Entries taken from a collection
+ + + +
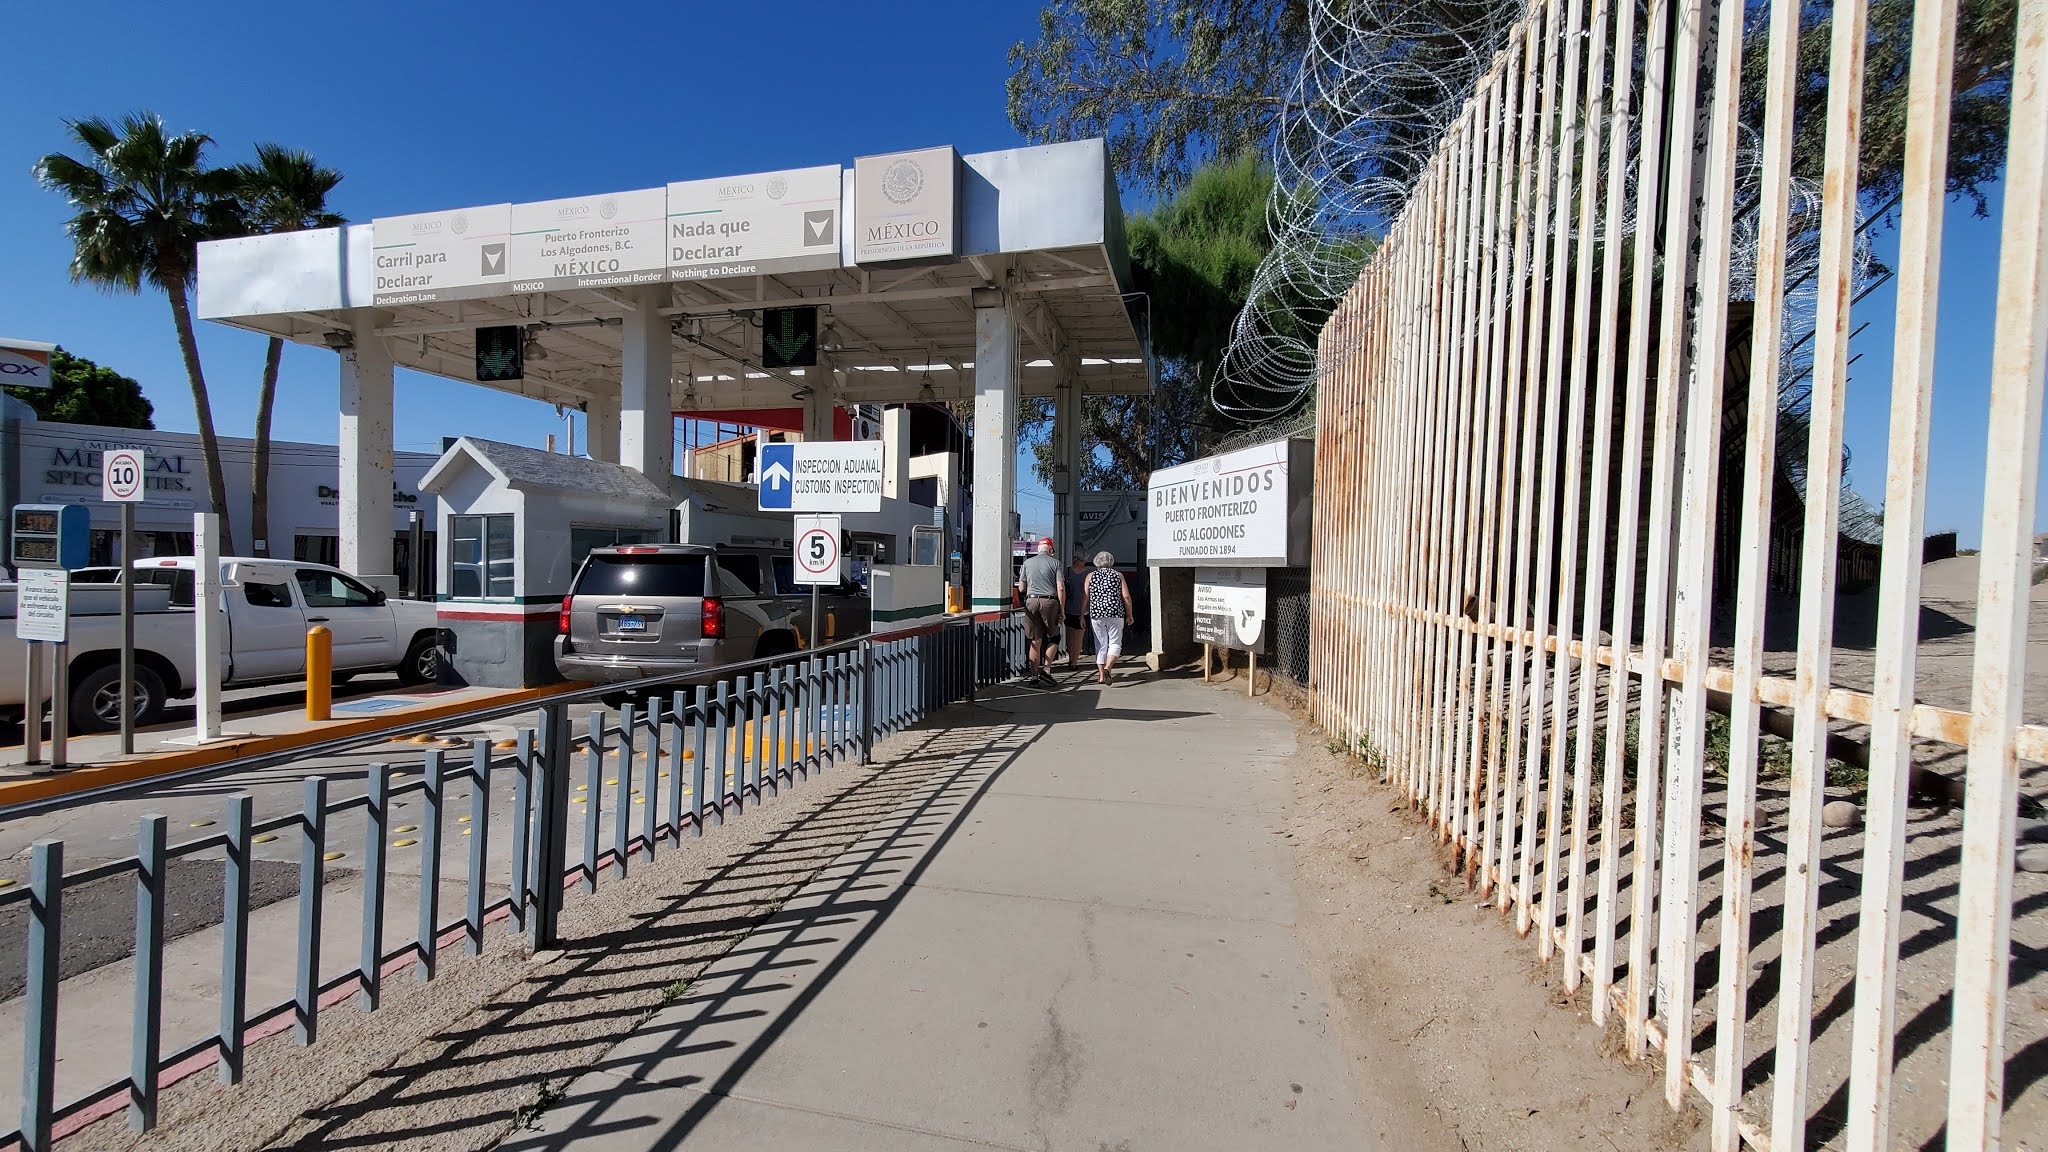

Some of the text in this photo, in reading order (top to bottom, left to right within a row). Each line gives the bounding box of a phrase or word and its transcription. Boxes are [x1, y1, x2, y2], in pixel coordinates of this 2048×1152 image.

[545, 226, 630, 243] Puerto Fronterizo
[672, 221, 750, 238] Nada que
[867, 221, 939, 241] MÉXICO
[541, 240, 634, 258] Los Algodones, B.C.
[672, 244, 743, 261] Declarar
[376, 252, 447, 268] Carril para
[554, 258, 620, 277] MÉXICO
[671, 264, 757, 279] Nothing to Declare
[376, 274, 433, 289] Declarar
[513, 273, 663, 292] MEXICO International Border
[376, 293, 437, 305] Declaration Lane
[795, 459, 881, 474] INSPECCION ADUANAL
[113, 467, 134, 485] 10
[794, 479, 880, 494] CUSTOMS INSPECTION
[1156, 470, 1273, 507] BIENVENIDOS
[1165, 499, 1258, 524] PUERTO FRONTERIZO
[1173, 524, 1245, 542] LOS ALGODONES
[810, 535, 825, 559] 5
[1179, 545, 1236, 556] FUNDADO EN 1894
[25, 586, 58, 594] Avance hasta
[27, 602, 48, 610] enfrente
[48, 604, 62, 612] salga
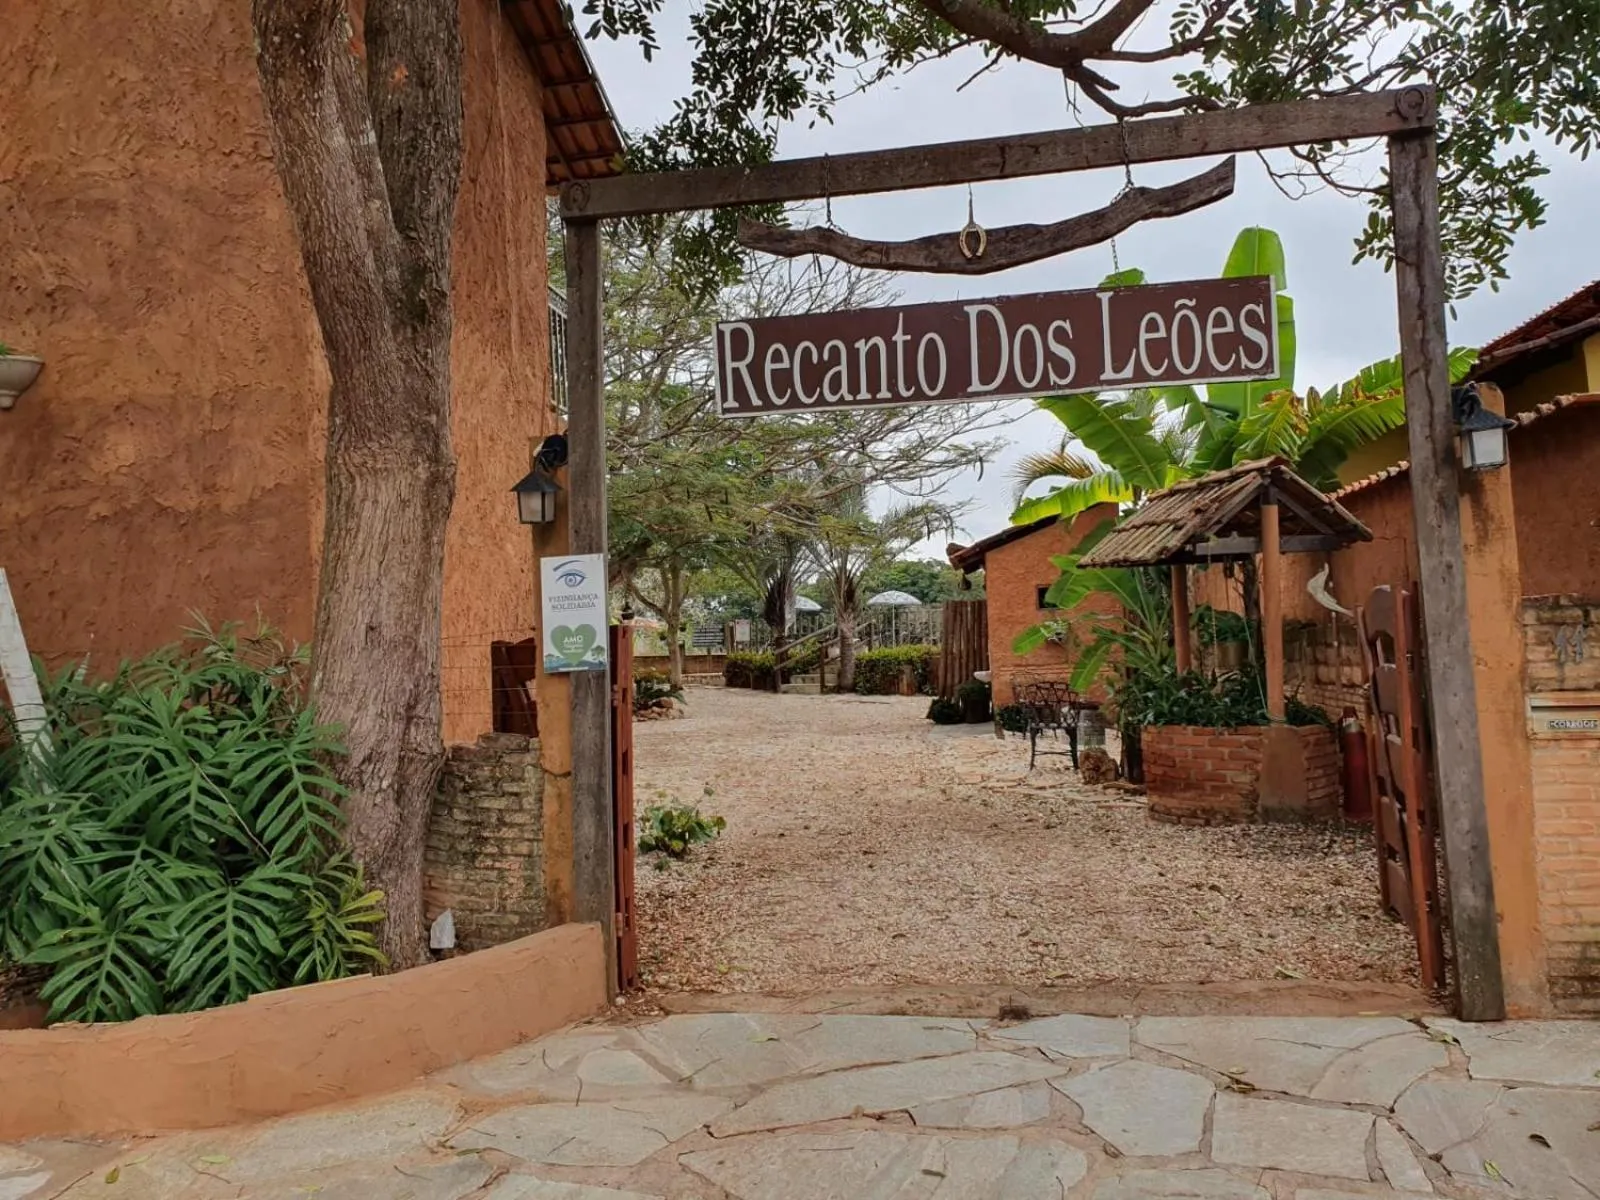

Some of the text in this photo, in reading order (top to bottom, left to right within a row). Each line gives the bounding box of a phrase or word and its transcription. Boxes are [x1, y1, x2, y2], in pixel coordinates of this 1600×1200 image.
+ + + +
- [Exercise]:
Word for word, repeat each line of the records, and leave every image out.

- [Answer box]:
Some of the text in this photo, in reading order (top to bottom, left to right within a row). Each line gives the bounding box of a phrase or word and its transcription. Boxes are [x1, y1, x2, y2], in pixel coordinates of this 2048×1152 image.

[545, 226, 630, 243] Puerto Fronterizo
[672, 221, 750, 238] Nada que
[867, 221, 939, 241] MÉXICO
[541, 240, 634, 258] Los Algodones, B.C.
[672, 244, 743, 261] Declarar
[376, 252, 447, 268] Carril para
[554, 258, 620, 277] MÉXICO
[671, 264, 757, 279] Nothing to Declare
[376, 274, 433, 289] Declarar
[513, 273, 663, 292] MEXICO International Border
[376, 293, 437, 305] Declaration Lane
[795, 459, 881, 474] INSPECCION ADUANAL
[113, 467, 134, 485] 10
[794, 479, 880, 494] CUSTOMS INSPECTION
[1156, 470, 1273, 507] BIENVENIDOS
[1165, 499, 1258, 524] PUERTO FRONTERIZO
[1173, 524, 1245, 542] LOS ALGODONES
[810, 535, 825, 559] 5
[1179, 545, 1236, 556] FUNDADO EN 1894
[25, 586, 58, 594] Avance hasta
[27, 602, 48, 610] enfrente
[48, 604, 62, 612] salga

Some of the text in this photo, in reading order (top to bottom, left to right within a row). Each line gives the bounding box of a phrase or word and its transcription. Boxes are [x1, y1, x2, y2], in pixel coordinates of this 1600×1200 image.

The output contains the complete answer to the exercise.